You may work in a small team. All of your code should be in an R markdown file (and published to rpubs.com); with your data accessible for the person running the script.

Load the data

The chess tournament data is loaded from the .txt file. A sample of the data loaded is shown below.

The data can be accessed here

load_txt <- readLines('tournamentinfo.txt')
## Warning in readLines("tournamentinfo.txt"): incomplete final line found on
## 'tournamentinfo.txt'
head(load_txt)
## [1] "-----------------------------------------------------------------------------------------" 
## [2] " Pair | Player Name                     |Total|Round|Round|Round|Round|Round|Round|Round| "
## [3] " Num  | USCF ID / Rtg (Pre->Post)       | Pts |  1  |  2  |  3  |  4  |  5  |  6  |  7  | "
## [4] "-----------------------------------------------------------------------------------------" 
## [5] "    1 | GARY HUA                        |6.0  |W  39|W  21|W  18|W  14|W   7|D  12|D   4|" 
## [6] "   ON | 15445895 / R: 1794   ->1817     |N:2  |W    |B    |W    |B    |W    |B    |W    |"

Cleaning the data

The data loaded has an unfriendly format so I did some cleaning on it to make it easy to work with.

t0 <- 0
t1 <- unname(str_locate_all(pattern = '\\|', load_txt[5])[[1]][1,1])
t2 <- unname(str_locate_all(pattern = '\\|', load_txt[5])[[1]][2,1])
t3 <- unname(str_locate_all(pattern = '\\|', load_txt[5])[[1]][3,1])
t4 <- max(nchar(load_txt))
s1 <- seq(5, 196, 3)   #generate a sequence for the first group
s2 <- seq(6, 196, 3)   #generate a sequence for the second group

g1 <- load_txt[s1]     #based on first sequence first group is created
g2 <- load_txt[s2]     #based on second sequence second group is created

Extracting required fields

As each field is extracted it is loaded into the dataframe.

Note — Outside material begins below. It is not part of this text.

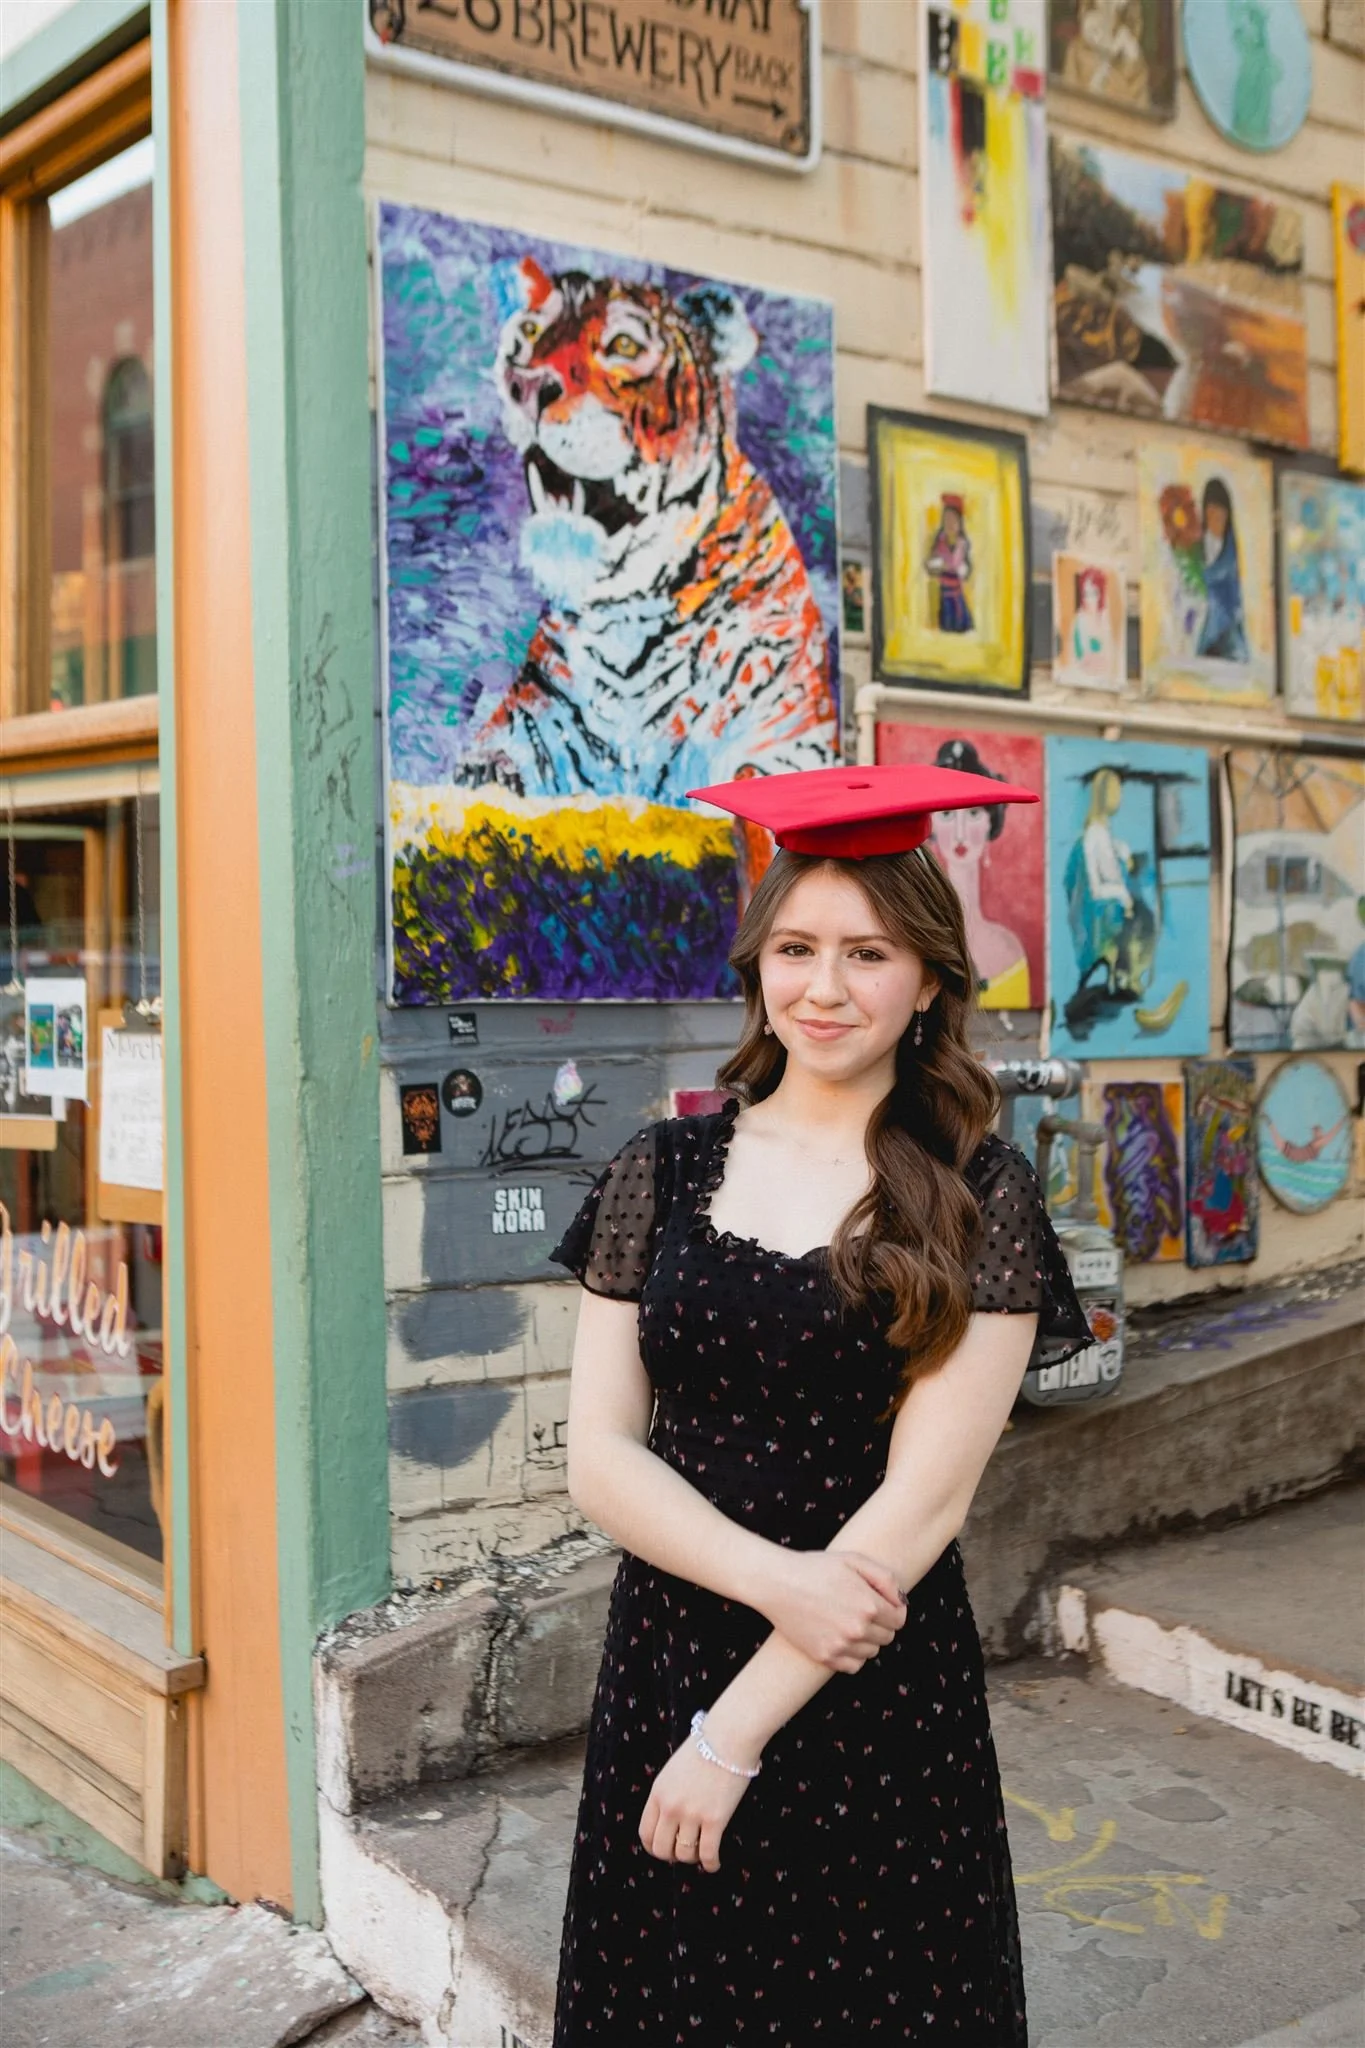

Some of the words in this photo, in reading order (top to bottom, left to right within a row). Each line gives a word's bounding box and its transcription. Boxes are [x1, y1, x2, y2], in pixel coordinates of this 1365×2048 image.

[513, 0, 733, 108] BREWERY
[495, 1186, 542, 1211] SKIN
[1291, 1695, 1323, 1734] BE

name <- substr(g1, t1+1, t2-2)
name <- str_trim(name)
Player_Name <- str_to_title(name)                                  #Player's Name

s_raw <- substr(g2, t0, t1-1)
State <- str_trim(s_raw)                                           #Player's State

chess_data <- data.frame(Player_Name, State)

point <- substr(g1, t2+1, t3-1)                                    #Player's point total
chess_data$TotalPoints <- sprintf("%.1f", as.numeric(point))

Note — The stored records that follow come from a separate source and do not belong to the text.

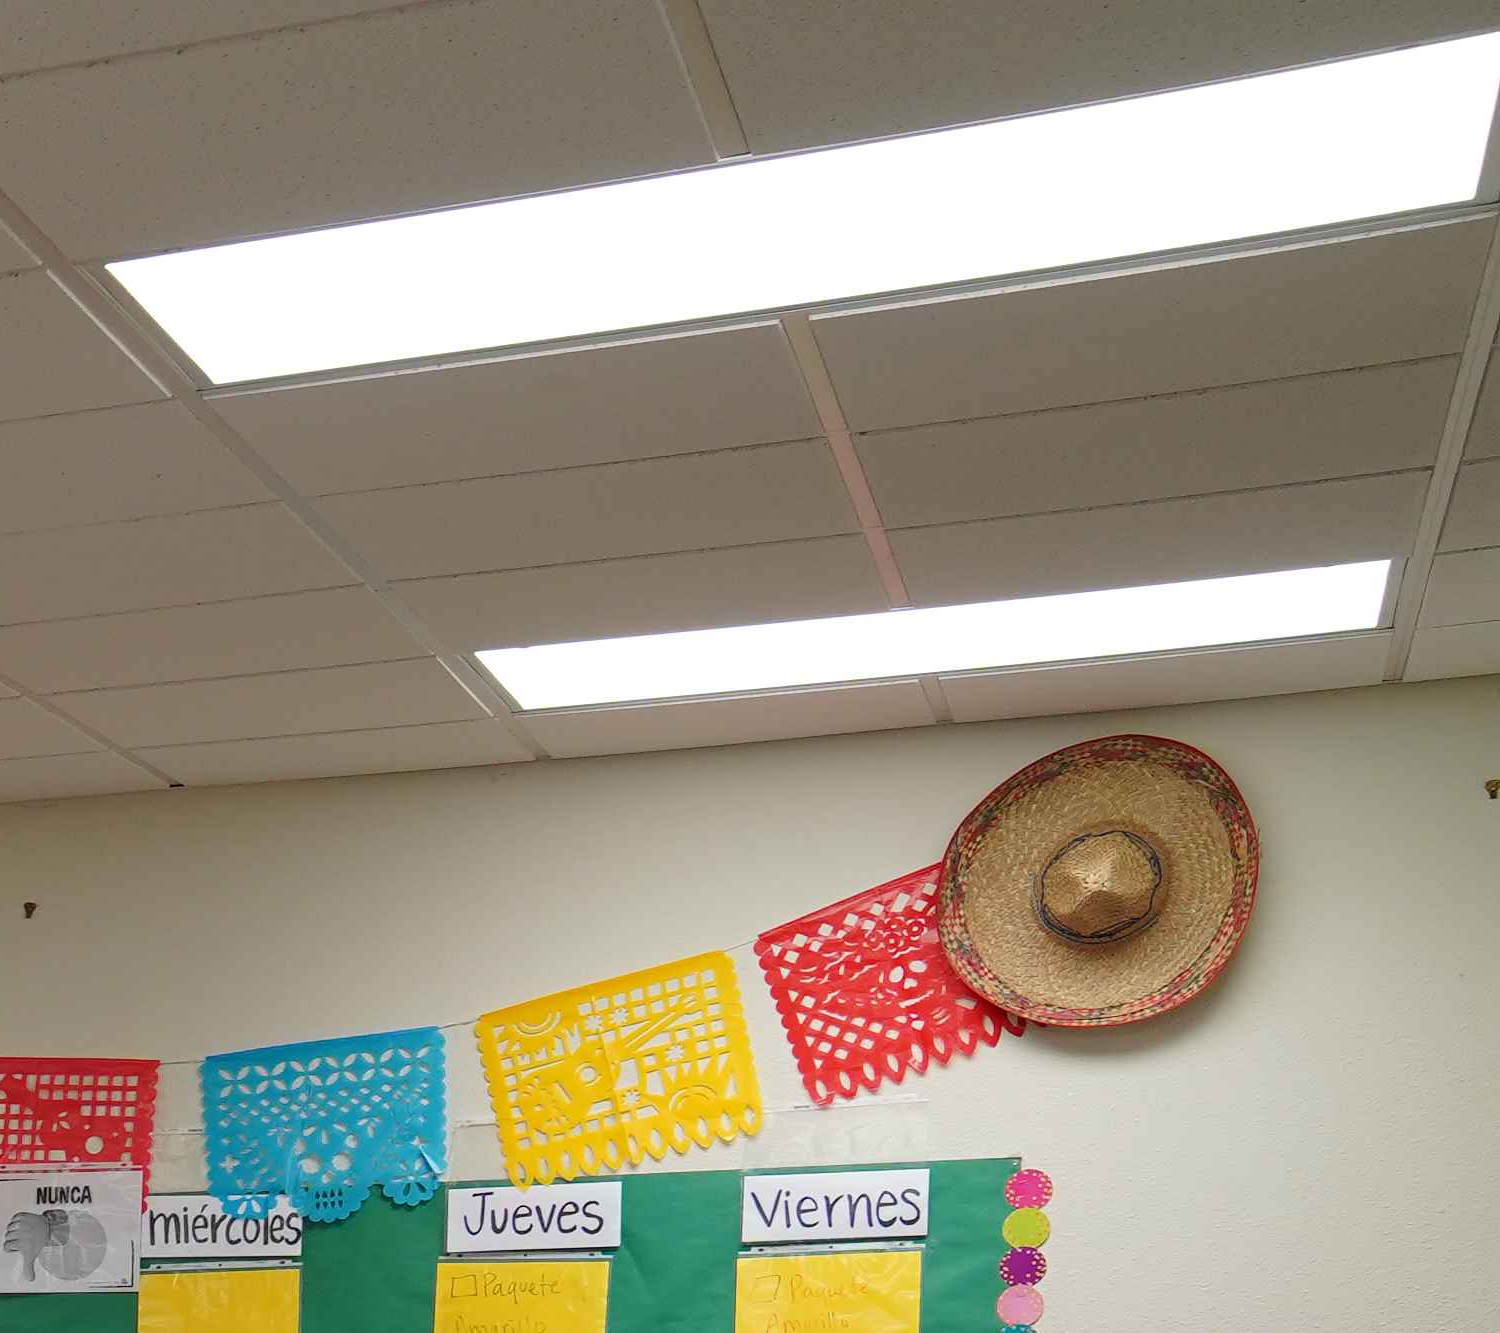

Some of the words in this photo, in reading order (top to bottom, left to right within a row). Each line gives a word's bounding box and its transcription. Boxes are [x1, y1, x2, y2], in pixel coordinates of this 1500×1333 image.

[36, 1185, 92, 1206] NUNCA
[463, 1189, 605, 1239] Jueves
[752, 1184, 921, 1230] Viernes
[149, 1204, 301, 1247] miércoles
[484, 1272, 562, 1304] Paquete

pre <- substr(g2, t1+1, t2-1)
pre <- str_extract(pre, ': *\\d{2,}')                              #Player's pre-rating
chess_data$PreRating <- as.integer(str_extract(pre, '\\d{2,}'))

FInd Average Pre Rating of Oppenent

I have used a function to calculate the average opponent pre rating. It uses a nested for loop.

oppenent <- substr(g1, t3+1, t4)
oppenent <- str_extract_all(oppenent, '\\b\\d{1,}')
oppenent <- as.matrix(oppenent)

calculate <- function(z, p) {
    temp <- z[p]
    
    for (place in temp){
        rate <- 0
        c <- 0
        for(i in place) {
            c <- c + 1
            rate <- rate + chess_data$PreRating[as.numeric(i)]
        }
        rate <- round(rate / c)
        
    }
    return(rate)
}

chess_data$AvgOppPreRating <- apply(oppenent, 1, calculate)

View the final data

During my research I found this cool way to present the data where I can search for record I want. So trying it out here.

datatable(chess_data, extensions = 'Scroller', options = list(scrollY = 300, scroller = TRUE ))

Writing the final output to .csv file

To see the .csv file in github click here

write.csv(chess_data,"ChessTournament.csv")

Plotting

ggplot(chess_data, aes(PreRating, AvgOppPreRating)) + geom_point(aes(color=TotalPoints)) + geom_smooth(method="lm")
## `geom_smooth()` using formula 'y ~ x'